The figure shook his head. Started to pace across the barn’s hay-strewn floor. He’d lived alone, unbothered on the farm, for years. Now he’d trespassers. One with a gun. He grunted a whine. He hated guns. Wondered why these people were here, if they’d stay. He stepped to a back corner, hung the traps from a rusted spike. Pushed the straw and dust away from the wooden slats next to the table. Reached down for the iron handle. Opened the floor. Followed the stringer of steps into the hidden opening beneath the earth.

 

3

Eldon McClanahan was an alcoholic pharmacist who gambled his money away on horse races, ball games, and high-stakes poker. Would wager a buck on almost anything. He’d be willing to dig up and sell his mother’s and father’s shriveled formaldehyded corpses if it’d get him enough dough to gamble with. The man had no shame.

His wagering had won him overwhelming debt to a grain of characters running within the darker crevices of Harrison County. Word of his dilemma had reached the ears of Liz and Angus while they’d been slinging bourbon and beer at a late-night tavern. Discovered Eldon was desperate to turn coin to pay his debt and to keep on wagering. Scoped him out to use on a money project of their own devising.

A few nights later, Angus made sure Eldon met Liz in the E & R tavern over a few drinks. Eldon took her back to his ranch-style home out in the woods of Harrison County, where she threw a powerful fuck on him. Had him sitting down to piss for a week. Made him dread waking up with morning wood since Liz’d rode him raw.

After that night, Eldon would do most anything for Liz. Most especially he would happily skim tablets of Allegra-D from the pharmacy to front the ephedrine for her and Angus’s meth-manufacturing scheme.

Now, having been profitable business partners for months, Liz and Angus stood on one side of the bar in Eldon’s kitchen. Angus pulled on a coffin nail. Blew smoke and told Eldon, “We done got another place. Just need more them pills you been getting us.”

Eldon stood on the other side.
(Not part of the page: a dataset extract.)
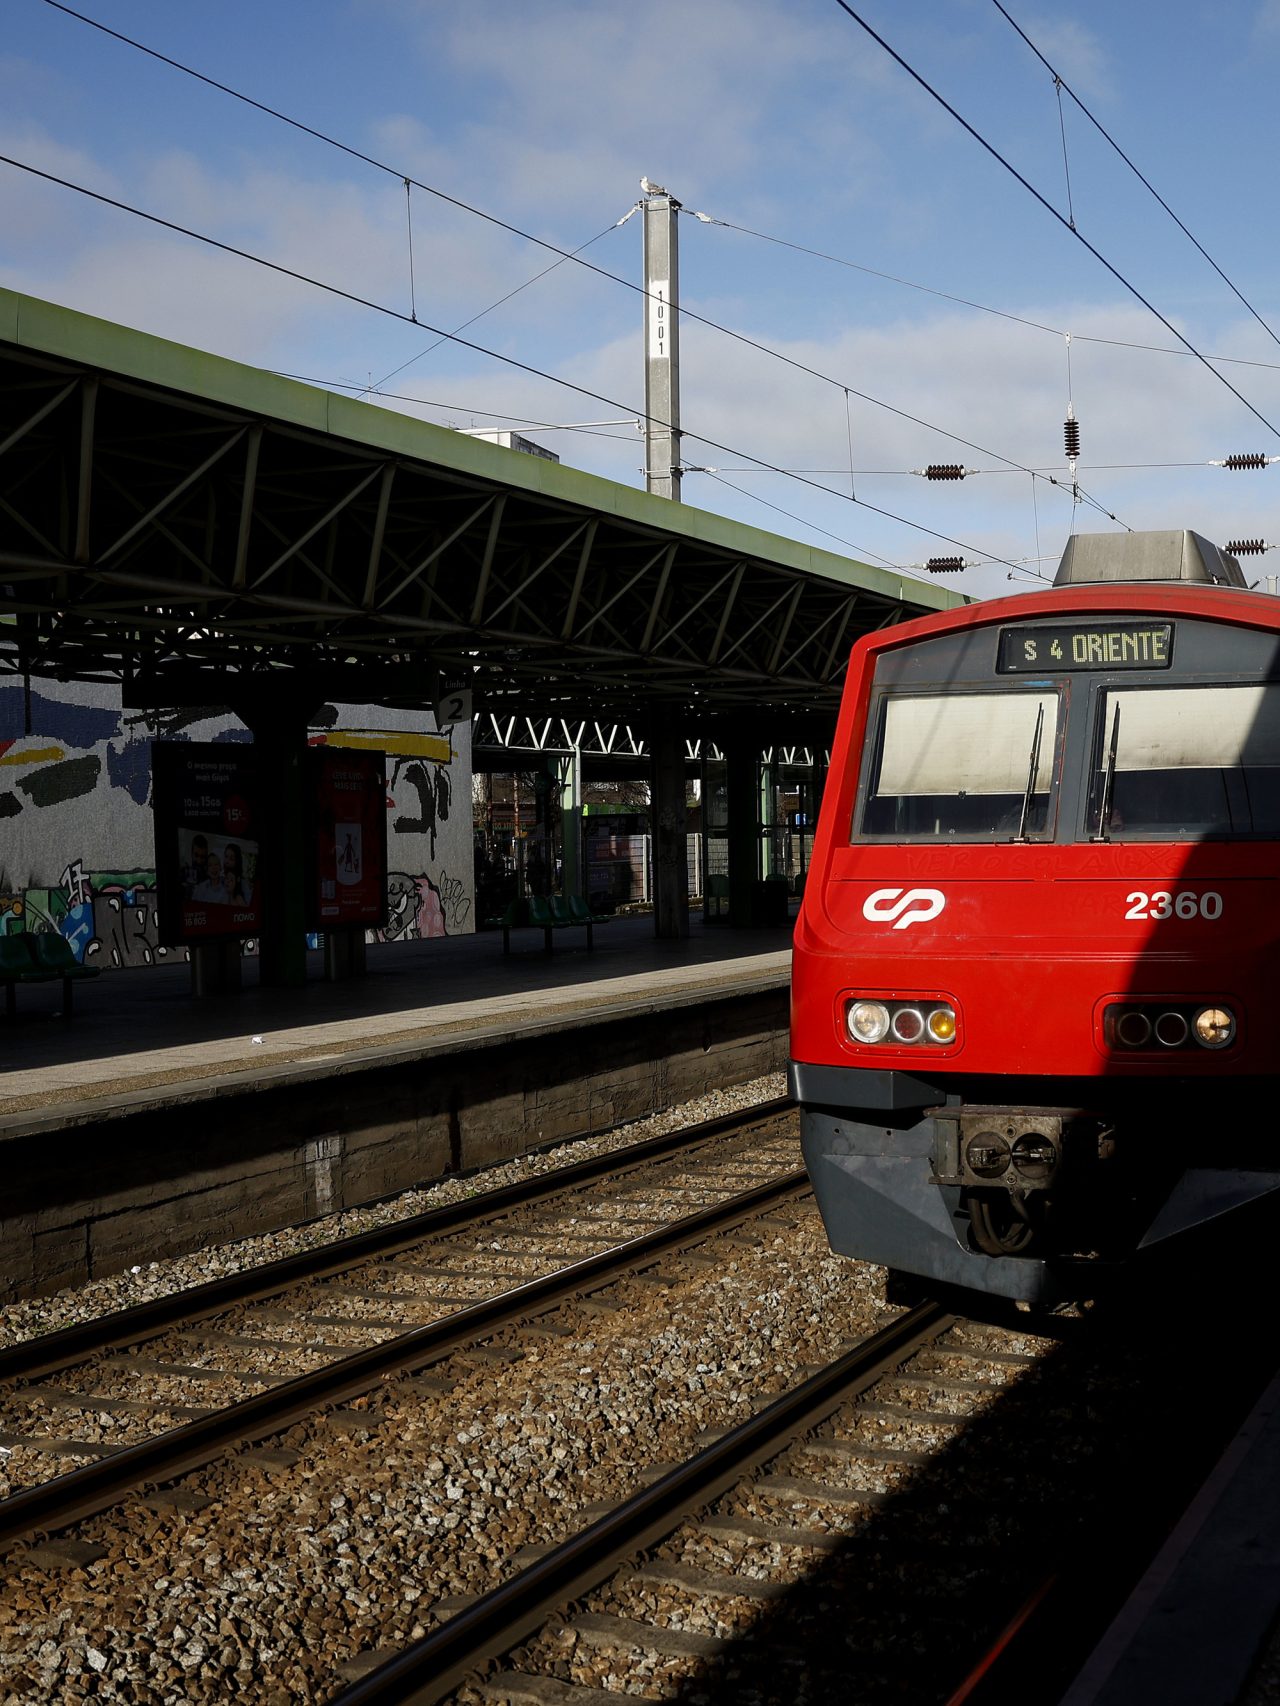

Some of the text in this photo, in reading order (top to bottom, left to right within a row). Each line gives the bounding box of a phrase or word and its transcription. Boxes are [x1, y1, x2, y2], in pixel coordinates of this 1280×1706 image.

[1024, 632, 1166, 663] S 4 ORIENTE
[447, 698, 463, 720] 2
[1124, 891, 1223, 920] 2360
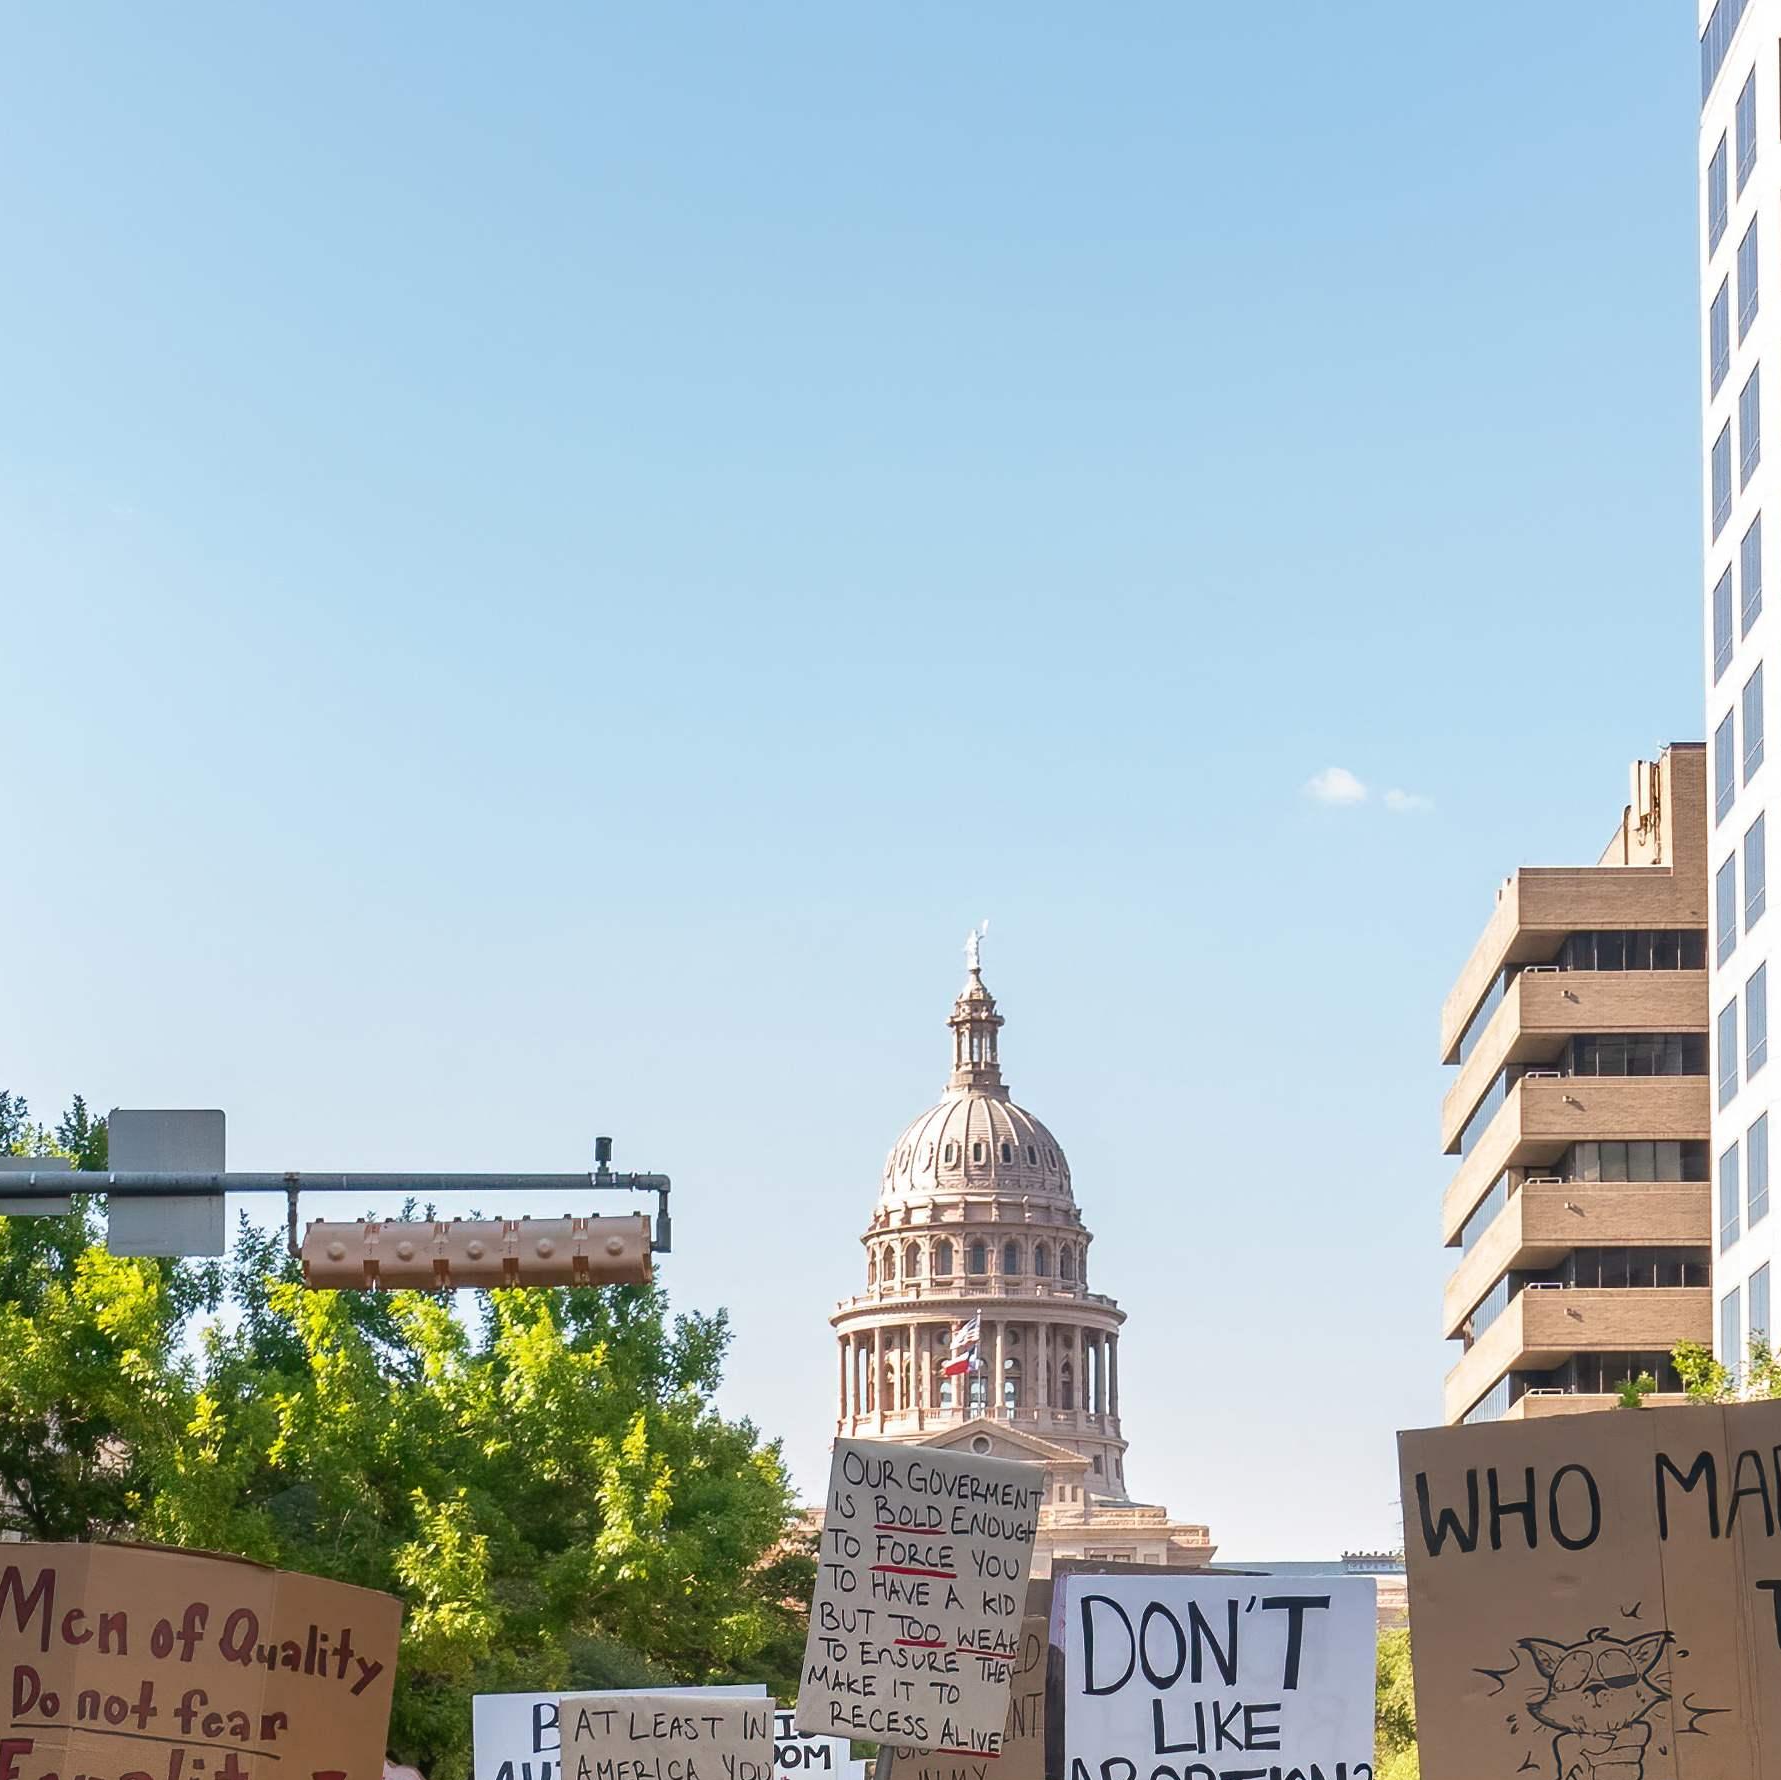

Leaned back against a stainless steel sink. Holding a glass of Knob Creek and Coke. “You still owe me for the last batch.”

Angus laughed. “Done told you they ain’t no last batch ’cause of the damn fire.”

Eldon sipped his drink. Swallowed. Said, “Look, no money no pills. I got people I owe.”

Eldon owed a certain bookie who had a collector he didn’t want to meet. Had heard the stories. The collector’d pay you a visit. Paralyze your body with several needles. Do things to you. You’d pay him back in lessons of unheard-of pain.

Eldon took another drink. Liz smiled at him. His eyes fell to her faded Lynyrd Skynyrd T-shirt that held two firm breasts without a bra. Goddamn she knew how to fill a concert T-shirt. He knew how shapely those breasts were. Remembered how they’d bounced that night she rode him. Jutting up into the darkness of his bedroom when she raised. Slapping her sweaty flat stomach when her hard ass dropped onto his bony legs. Turned his white five-hundred-thread-count sheets a sweaty pink.